Re-posts: On Hate Speech (October 2017)

8 min readNov 1, 2018


Hello! This is a series which I re-upload a number of selected writing assignments I’ve done during my university years to both share them with the world (after some edits here and there, of course) and archive some of my most memorable ones. Enjoy.

Image belongs to The Washington Times.

The red banner of the US Confederacy flew in the Summer breeze and by its side, were a variety of re-imagined designs of the Nazi Germany Swastika flags. Neo-Nazis, white supremacists, nationalists, racists gathered amass in one of the most controversial demonstration in recent history of the United States. This was the sight of Charlottesville, Virginia in August 2017.

After the Charleston church massacre in 2015, an act of terror by a white supremacist, a series of nationwide Confederacy statue removals began to take place. The city of New Orleans was the first to do so in May 2017, followed by the city of Baltimore, Lexington, and Charlottesville a couple of months later. In opposition to the removal of the statue of the famous Confederate army commander, Robert E. Lee, the Unite the Right rally was gathered in Emancipation park, Charlottesville. The following results include violent clashes between the local counter-protesters, the police forces and the white supremacist group, a vehicle-ramming attack, and consequently, the declaration of state of emergency by the governor of Virginia before the complete disperse after two days.
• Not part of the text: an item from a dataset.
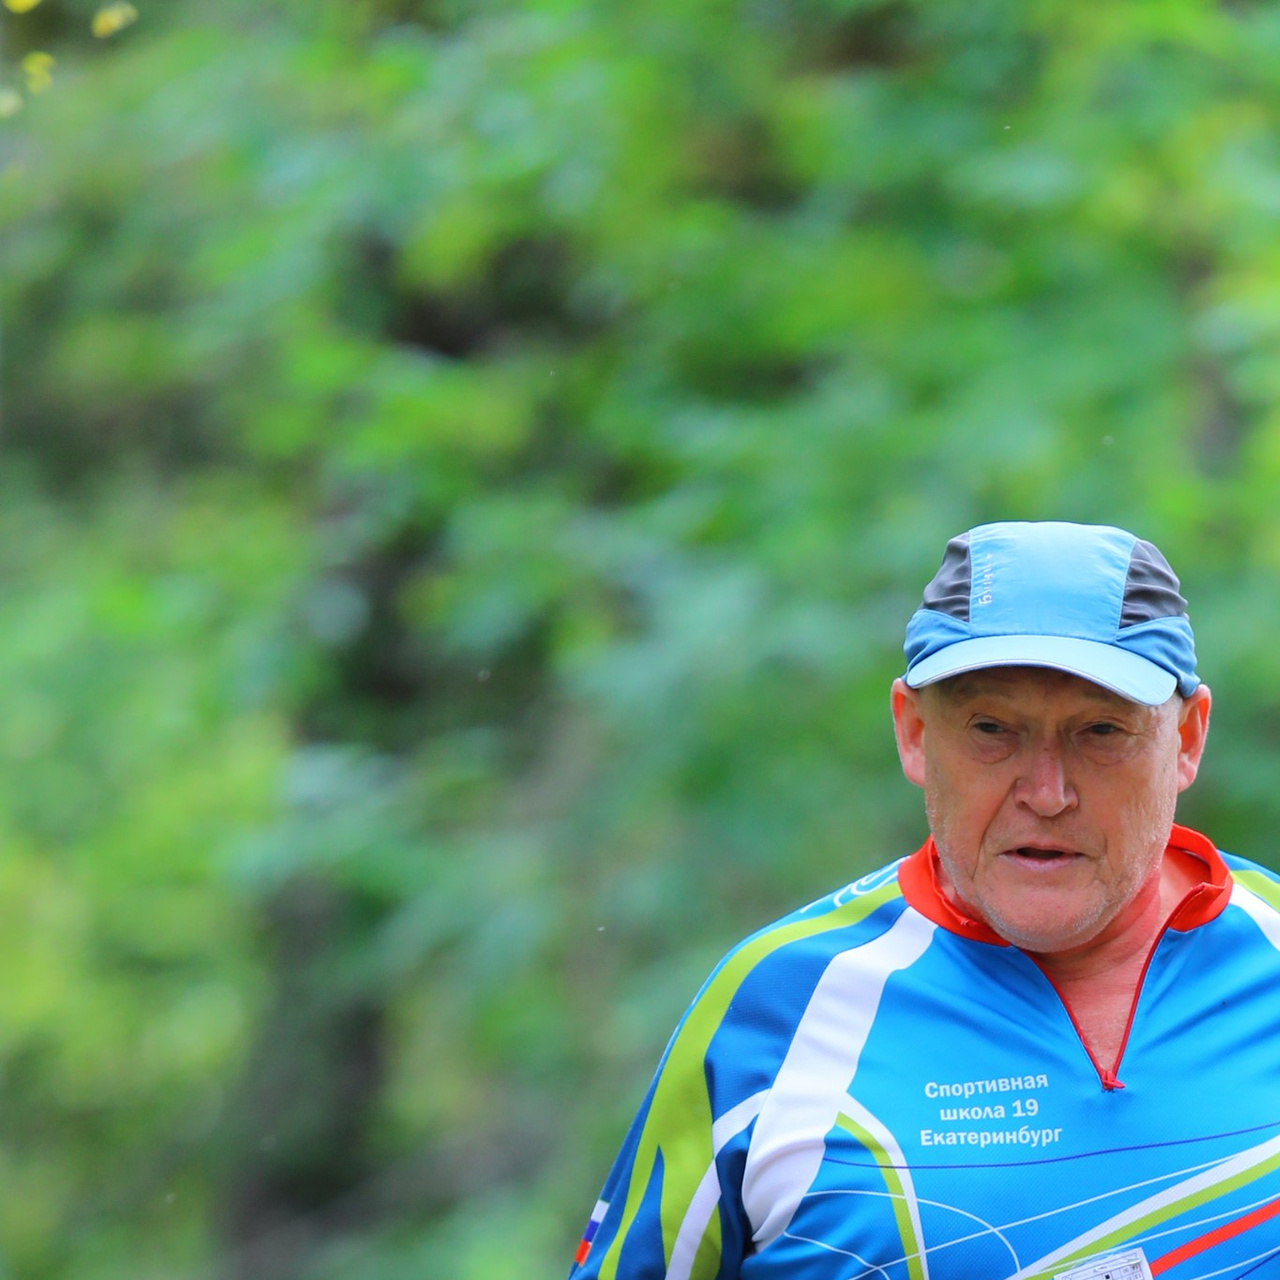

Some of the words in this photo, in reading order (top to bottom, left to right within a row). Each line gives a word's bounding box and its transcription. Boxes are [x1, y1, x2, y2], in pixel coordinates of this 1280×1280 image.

However, despite how the event was finally resolved, an intimidating message has already been sent towards the public and especially, the American minorities, Jews, Muslims and the African-Americans communities. Some of the Unite the Right marchers chanted racist and anti-Semitic slogans like “One people, one nation, end immigration” and “Jews will not replace us,” before turning to downright slurs and insults at the end of the protest. Widespread fear and hatred are undoubtedly some of the most critical damage done by the demonstration. In addition to President Trump’s failure to condemn the white supremacist groups in his public statement regarding the conflict, the Alt-right became increasingly emboldened in its radical use of hate-induced free speech while the concerned American public began to look for order and retaliation. Thus, the grand debate over the American style freedom of expression, hate speech, and censorship riddled the national headlines once more.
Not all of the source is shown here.